Now you should see that the frst data column is Private. Note

that another column labeled row.names now appears before the

Private column. However, this is not a data column but rather

the name that R is giving to each row.

(

)

.

Use the summary

()

function to produce a numerical summary

of the variables in the data set.

.

Use the pairs

()

function to produce a scatterplot matrix of

the frst ten columns or variables of the data. Recall that

you can reference the frst ten columns of a matrix A using

[, 1

10] .

56 2 .

Statistical Learning

iii. Use the plot

()

function to produce side

-

-

side boxplots of

Outstate versus Private.

.

Create a new qualitative variable, called Elite, by binning

the Top

10

perc variable. We are going to divide universities

into two groups based on whether or not the proportion

of students coming from the top

10 %

of their high school

classes exceeds

50 % .

>

Elite

< -

rep

("

",

nrow

(

college

))

>

Elite

[

college$Top

10

perc

> 50] < -

"Yes"

>

Elite

< -

.

factor

(

Elite

)

>

college

< -

data.frame

(

college

,

Elite

)

Use the summary

()

function to see how many elite universities there are. Now use the plot

()

function to produce

side

-

-

side boxplots of Outstate versus Elite.

.

Use the hist

()

function to produce some histograms with

difering numbers of bins for a few of the quantitative variables. You may fnd the command par

(

mfrow

=

(2, 2))

useful: it will divide the print window into four regions so

that four plots can be made simultaneously. Modifying the

arguments to this function will divide the screen in other

ways.

.

Continue exploring the data, and provide a brief summary

of what you discover

Step by Step Solution

There are 3 Steps involved in it

1 Expert Approved Answer

Step: 1 Unlock blur-text-image

Question Has Been Solved by an Expert!

Get step-by-step solutions from verified subject matter experts

Step: 2 Unlock

Step: 3 Unlock

Students Have Also Explored These Related Databases Questions!

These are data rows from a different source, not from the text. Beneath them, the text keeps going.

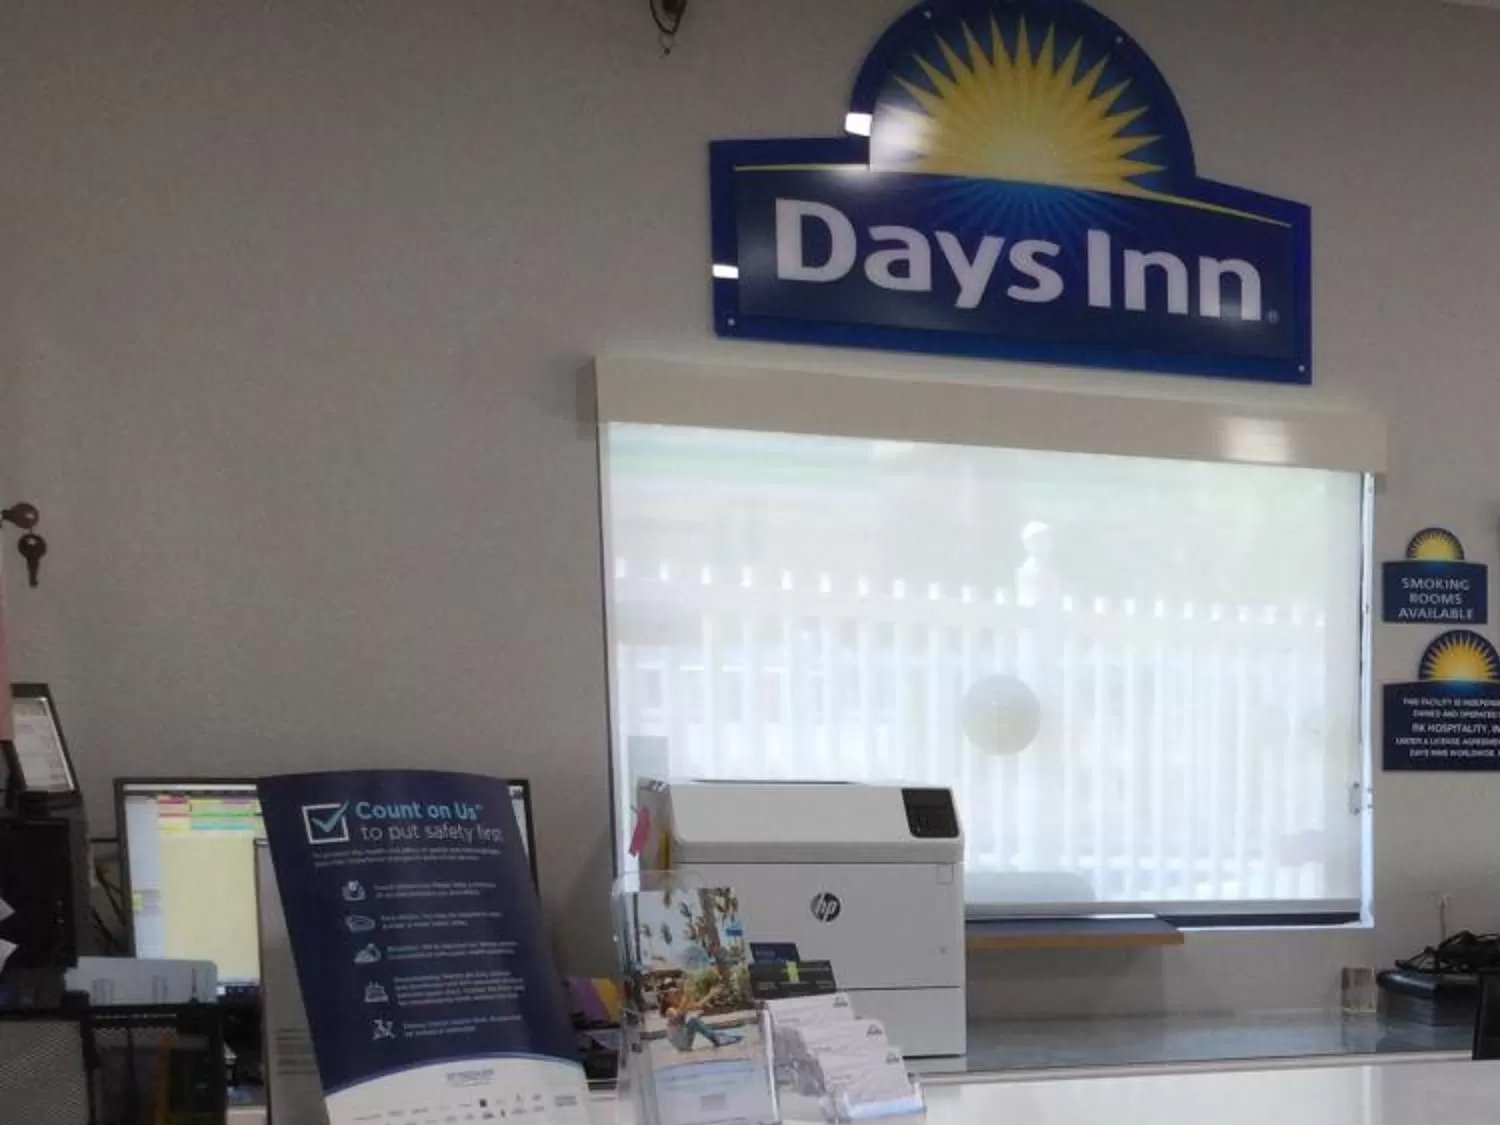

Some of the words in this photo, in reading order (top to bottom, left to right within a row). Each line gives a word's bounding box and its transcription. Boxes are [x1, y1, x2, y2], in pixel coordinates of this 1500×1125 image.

[775, 197, 1065, 310] Days
[1087, 229, 1262, 322] Inn
[1401, 577, 1471, 590] SMOKING
[1409, 592, 1463, 605] ROOMS
[1398, 607, 1473, 621] AVAILABLE
[355, 801, 422, 820] Count
[427, 804, 452, 819] on
[360, 826, 384, 842] to
[388, 824, 420, 844] put
[424, 823, 474, 843] safety
[811, 891, 842, 923] hp

Create an R script to answer 8(a)-(c). For 8(c) use R comments (i.e., using "#") for your answer. 8. This exercise relates to the College data set, which can be found in the file College.csv. It...

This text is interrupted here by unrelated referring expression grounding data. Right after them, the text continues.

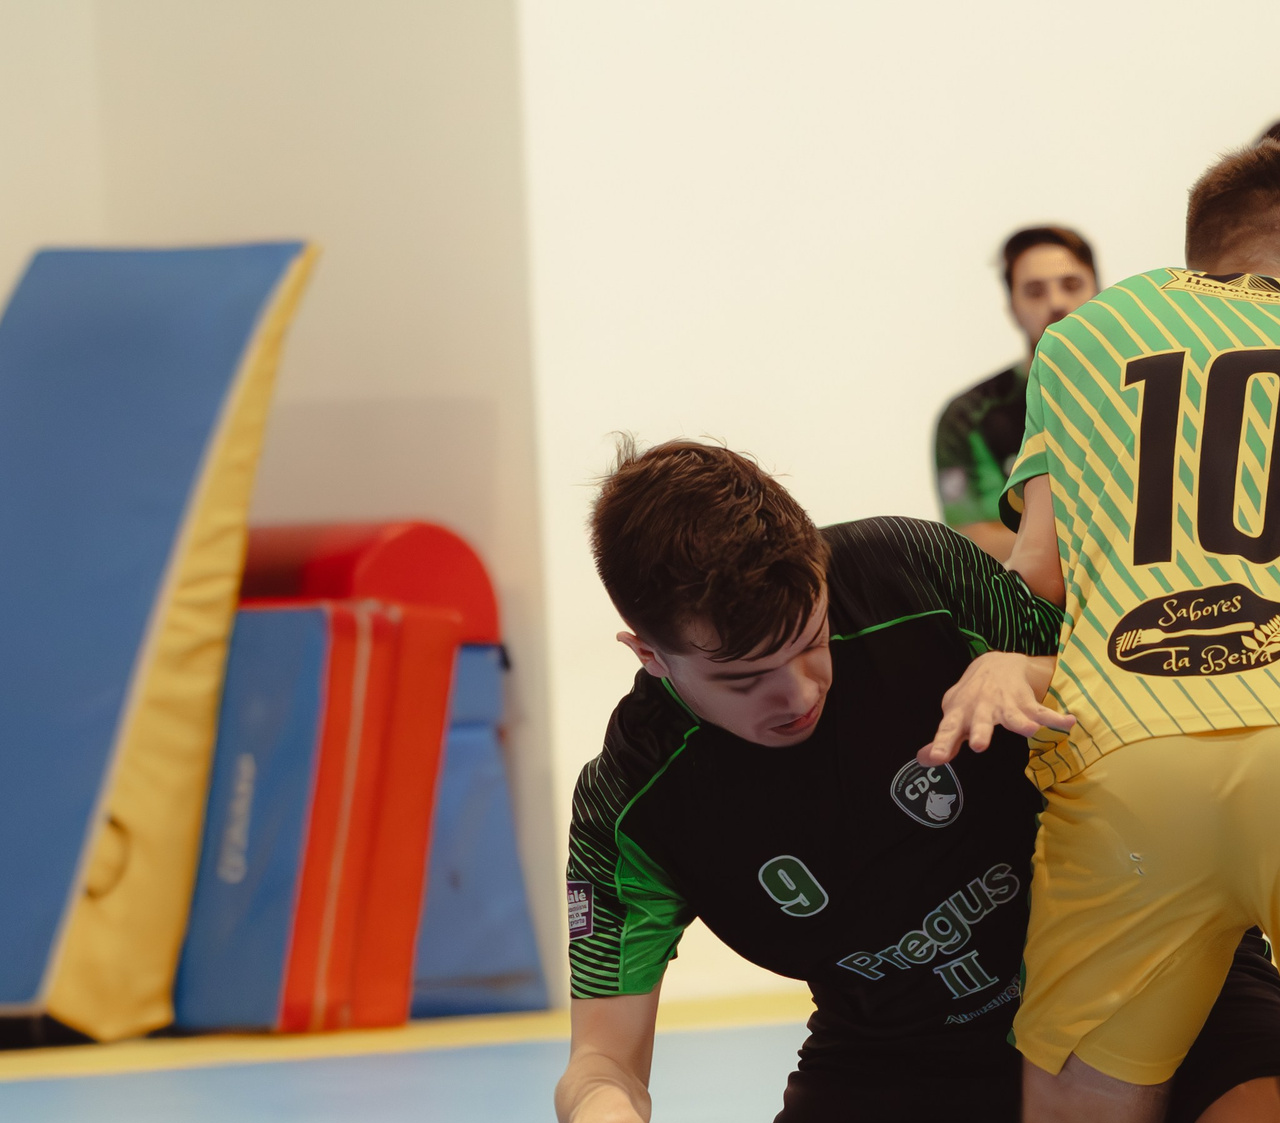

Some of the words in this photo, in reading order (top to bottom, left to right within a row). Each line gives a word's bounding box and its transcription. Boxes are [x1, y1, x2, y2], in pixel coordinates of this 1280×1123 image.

[1158, 595, 1241, 626] Sabores
[1162, 646, 1191, 671] da
[1200, 644, 1273, 674] Beira
[905, 767, 941, 801] CDC
[758, 855, 829, 917] 9
[836, 863, 1020, 980] Pregus
[932, 950, 999, 999] II

8. This exercise relates to the College data set, which can be found in the file college.csv. It contains a number of variables for 777 different universities and colleges in the US. The variables...

Assignment 1 This exercise relates to the College data set, which can be found in the file College.csv http://www-bef ase edu/-gareth ISLUdata html). It contains a number of variables for 777...

Applied This exercise relates to the College data set, which can be found in the file College.csv on the book website. It contains a number of variables for 7 7 7 different universities and colleges...

This exercise relates to the College data set, which can be found in the file College.csv on the book website. It contains a number of variables for 777 different universities and colleges in the US....

Problem 1 (explore the data): This exercise relates to the College data set, which can be found in the file College.csv (http://www-bcf.usc.edu/~gareth/ISL/data.html). It contains a number of...

This exercise relates to the College data set, which can be found in the file College.csv (http://www-bcf.usc.edu/~gareth/ISL/data.html). It contains a number of variables for 777 different...

Subject: Statistical Methods and Analysis Topic: College Registration Instruction: Outcomes: The successful student will be able to: Describe the types of data collected in a specific enterprise...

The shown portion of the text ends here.